=== Section Start ===
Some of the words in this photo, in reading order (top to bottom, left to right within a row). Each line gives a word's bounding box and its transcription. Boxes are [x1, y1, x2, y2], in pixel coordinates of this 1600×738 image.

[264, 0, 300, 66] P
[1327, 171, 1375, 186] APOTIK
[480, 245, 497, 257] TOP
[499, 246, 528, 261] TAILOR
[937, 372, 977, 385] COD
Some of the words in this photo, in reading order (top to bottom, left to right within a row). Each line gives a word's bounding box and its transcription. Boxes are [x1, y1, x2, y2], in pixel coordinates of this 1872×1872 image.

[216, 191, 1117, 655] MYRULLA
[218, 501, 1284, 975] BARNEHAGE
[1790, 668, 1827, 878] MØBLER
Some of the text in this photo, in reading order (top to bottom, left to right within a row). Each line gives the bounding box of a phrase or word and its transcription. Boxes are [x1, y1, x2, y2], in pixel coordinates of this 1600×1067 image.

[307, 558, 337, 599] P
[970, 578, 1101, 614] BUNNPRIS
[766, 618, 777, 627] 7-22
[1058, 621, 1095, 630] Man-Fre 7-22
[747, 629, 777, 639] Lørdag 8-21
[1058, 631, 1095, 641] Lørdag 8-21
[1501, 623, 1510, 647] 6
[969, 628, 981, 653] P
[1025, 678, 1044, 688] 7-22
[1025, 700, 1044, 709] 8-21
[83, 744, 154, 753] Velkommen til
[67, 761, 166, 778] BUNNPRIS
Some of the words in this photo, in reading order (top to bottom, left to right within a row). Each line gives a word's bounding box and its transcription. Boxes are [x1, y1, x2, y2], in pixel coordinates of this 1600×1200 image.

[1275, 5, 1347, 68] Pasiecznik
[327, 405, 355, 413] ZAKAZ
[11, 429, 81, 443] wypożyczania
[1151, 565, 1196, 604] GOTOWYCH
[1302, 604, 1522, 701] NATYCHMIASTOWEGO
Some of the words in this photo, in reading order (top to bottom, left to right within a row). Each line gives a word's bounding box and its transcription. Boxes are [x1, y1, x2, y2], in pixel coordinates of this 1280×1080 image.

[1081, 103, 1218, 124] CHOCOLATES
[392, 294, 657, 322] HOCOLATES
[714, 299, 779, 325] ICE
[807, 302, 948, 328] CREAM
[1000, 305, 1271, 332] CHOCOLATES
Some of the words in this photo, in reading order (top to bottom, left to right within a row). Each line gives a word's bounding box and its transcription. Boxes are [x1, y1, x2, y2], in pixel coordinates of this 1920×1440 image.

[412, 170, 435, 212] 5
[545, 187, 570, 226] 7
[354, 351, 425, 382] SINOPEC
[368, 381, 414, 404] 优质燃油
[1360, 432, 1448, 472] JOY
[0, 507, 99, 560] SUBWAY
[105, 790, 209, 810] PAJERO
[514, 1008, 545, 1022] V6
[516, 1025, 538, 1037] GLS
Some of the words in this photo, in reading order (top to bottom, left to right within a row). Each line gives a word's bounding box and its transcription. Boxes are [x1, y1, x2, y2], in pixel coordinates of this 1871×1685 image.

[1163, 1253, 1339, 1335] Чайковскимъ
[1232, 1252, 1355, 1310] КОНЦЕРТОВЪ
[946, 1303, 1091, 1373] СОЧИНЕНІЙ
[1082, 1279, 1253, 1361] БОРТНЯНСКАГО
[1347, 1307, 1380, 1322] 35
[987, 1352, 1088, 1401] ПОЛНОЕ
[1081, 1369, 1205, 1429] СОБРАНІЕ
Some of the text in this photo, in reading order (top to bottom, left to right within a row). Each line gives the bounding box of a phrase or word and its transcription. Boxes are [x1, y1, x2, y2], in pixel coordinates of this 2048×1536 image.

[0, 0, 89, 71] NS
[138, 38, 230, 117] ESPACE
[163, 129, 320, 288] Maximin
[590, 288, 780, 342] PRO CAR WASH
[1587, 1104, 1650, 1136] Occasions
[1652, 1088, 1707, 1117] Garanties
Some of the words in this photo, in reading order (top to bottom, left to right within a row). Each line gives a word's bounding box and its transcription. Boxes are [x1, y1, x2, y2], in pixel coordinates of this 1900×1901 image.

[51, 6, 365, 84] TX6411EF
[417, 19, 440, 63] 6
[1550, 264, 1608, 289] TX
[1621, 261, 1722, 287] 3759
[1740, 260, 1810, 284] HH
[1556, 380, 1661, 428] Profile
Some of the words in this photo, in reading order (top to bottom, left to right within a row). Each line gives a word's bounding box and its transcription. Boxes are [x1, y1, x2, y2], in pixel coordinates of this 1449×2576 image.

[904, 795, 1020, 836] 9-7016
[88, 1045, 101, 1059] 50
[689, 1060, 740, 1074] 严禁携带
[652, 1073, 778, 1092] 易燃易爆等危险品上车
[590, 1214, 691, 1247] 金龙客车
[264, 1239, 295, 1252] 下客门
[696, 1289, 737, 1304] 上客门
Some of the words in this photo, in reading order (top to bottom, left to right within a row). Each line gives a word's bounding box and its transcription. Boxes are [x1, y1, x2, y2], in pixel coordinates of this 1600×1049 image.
=== Section End ===
#### WORK ORDER
Exactly as they appear above, the records are to be transcribed in full.

#### WRITTEN SOLUTION
Some of the words in this photo, in reading order (top to bottom, left to right within a row). Each line gives a word's bounding box and its transcription. Boxes are [x1, y1, x2, y2], in pixel coordinates of this 1600×738 image.

[264, 0, 300, 66] P
[1327, 171, 1375, 186] APOTIK
[480, 245, 497, 257] TOP
[499, 246, 528, 261] TAILOR
[937, 372, 977, 385] COD
Some of the words in this photo, in reading order (top to bottom, left to right within a row). Each line gives a word's bounding box and its transcription. Boxes are [x1, y1, x2, y2], in pixel coordinates of this 1872×1872 image.

[216, 191, 1117, 655] MYRULLA
[218, 501, 1284, 975] BARNEHAGE
[1790, 668, 1827, 878] MØBLER
Some of the text in this photo, in reading order (top to bottom, left to right within a row). Each line gives the bounding box of a phrase or word and its transcription. Boxes are [x1, y1, x2, y2], in pixel coordinates of this 1600×1067 image.

[307, 558, 337, 599] P
[970, 578, 1101, 614] BUNNPRIS
[766, 618, 777, 627] 7-22
[1058, 621, 1095, 630] Man-Fre 7-22
[747, 629, 777, 639] Lørdag 8-21
[1058, 631, 1095, 641] Lørdag 8-21
[1501, 623, 1510, 647] 6
[969, 628, 981, 653] P
[1025, 678, 1044, 688] 7-22
[1025, 700, 1044, 709] 8-21
[83, 744, 154, 753] Velkommen til
[67, 761, 166, 778] BUNNPRIS
Some of the words in this photo, in reading order (top to bottom, left to right within a row). Each line gives a word's bounding box and its transcription. Boxes are [x1, y1, x2, y2], in pixel coordinates of this 1600×1200 image.

[1275, 5, 1347, 68] Pasiecznik
[327, 405, 355, 413] ZAKAZ
[11, 429, 81, 443] wypożyczania
[1151, 565, 1196, 604] GOTOWYCH
[1302, 604, 1522, 701] NATYCHMIASTOWEGO
Some of the words in this photo, in reading order (top to bottom, left to right within a row). Each line gives a word's bounding box and its transcription. Boxes are [x1, y1, x2, y2], in pixel coordinates of this 1280×1080 image.

[1081, 103, 1218, 124] CHOCOLATES
[392, 294, 657, 322] HOCOLATES
[714, 299, 779, 325] ICE
[807, 302, 948, 328] CREAM
[1000, 305, 1271, 332] CHOCOLATES
Some of the words in this photo, in reading order (top to bottom, left to right within a row). Each line gives a word's bounding box and its transcription. Boxes are [x1, y1, x2, y2], in pixel coordinates of this 1920×1440 image.

[412, 170, 435, 212] 5
[545, 187, 570, 226] 7
[354, 351, 425, 382] SINOPEC
[368, 381, 414, 404] 优质燃油
[1360, 432, 1448, 472] JOY
[0, 507, 99, 560] SUBWAY
[105, 790, 209, 810] PAJERO
[514, 1008, 545, 1022] V6
[516, 1025, 538, 1037] GLS
Some of the words in this photo, in reading order (top to bottom, left to right within a row). Each line gives a word's bounding box and its transcription. Boxes are [x1, y1, x2, y2], in pixel coordinates of this 1871×1685 image.

[1163, 1253, 1339, 1335] Чайковскимъ
[1232, 1252, 1355, 1310] КОНЦЕРТОВЪ
[946, 1303, 1091, 1373] СОЧИНЕНІЙ
[1082, 1279, 1253, 1361] БОРТНЯНСКАГО
[1347, 1307, 1380, 1322] 35
[987, 1352, 1088, 1401] ПОЛНОЕ
[1081, 1369, 1205, 1429] СОБРАНІЕ
Some of the text in this photo, in reading order (top to bottom, left to right within a row). Each line gives the bounding box of a phrase or word and its transcription. Boxes are [x1, y1, x2, y2], in pixel coordinates of this 2048×1536 image.

[0, 0, 89, 71] NS
[138, 38, 230, 117] ESPACE
[163, 129, 320, 288] Maximin
[590, 288, 780, 342] PRO CAR WASH
[1587, 1104, 1650, 1136] Occasions
[1652, 1088, 1707, 1117] Garanties
Some of the words in this photo, in reading order (top to bottom, left to right within a row). Each line gives a word's bounding box and its transcription. Boxes are [x1, y1, x2, y2], in pixel coordinates of this 1900×1901 image.

[51, 6, 365, 84] TX6411EF
[417, 19, 440, 63] 6
[1550, 264, 1608, 289] TX
[1621, 261, 1722, 287] 3759
[1740, 260, 1810, 284] HH
[1556, 380, 1661, 428] Profile
Some of the words in this photo, in reading order (top to bottom, left to right within a row). Each line gives a word's bounding box and its transcription. Boxes are [x1, y1, x2, y2], in pixel coordinates of this 1449×2576 image.

[904, 795, 1020, 836] 9-7016
[88, 1045, 101, 1059] 50
[689, 1060, 740, 1074] 严禁携带
[652, 1073, 778, 1092] 易燃易爆等危险品上车
[590, 1214, 691, 1247] 金龙客车
[264, 1239, 295, 1252] 下客门
[696, 1289, 737, 1304] 上客门
Some of the words in this photo, in reading order (top to bottom, left to right within a row). Each line gives a word's bounding box and its transcription. Boxes are [x1, y1, x2, y2], in pixel coordinates of this 1600×1049 image.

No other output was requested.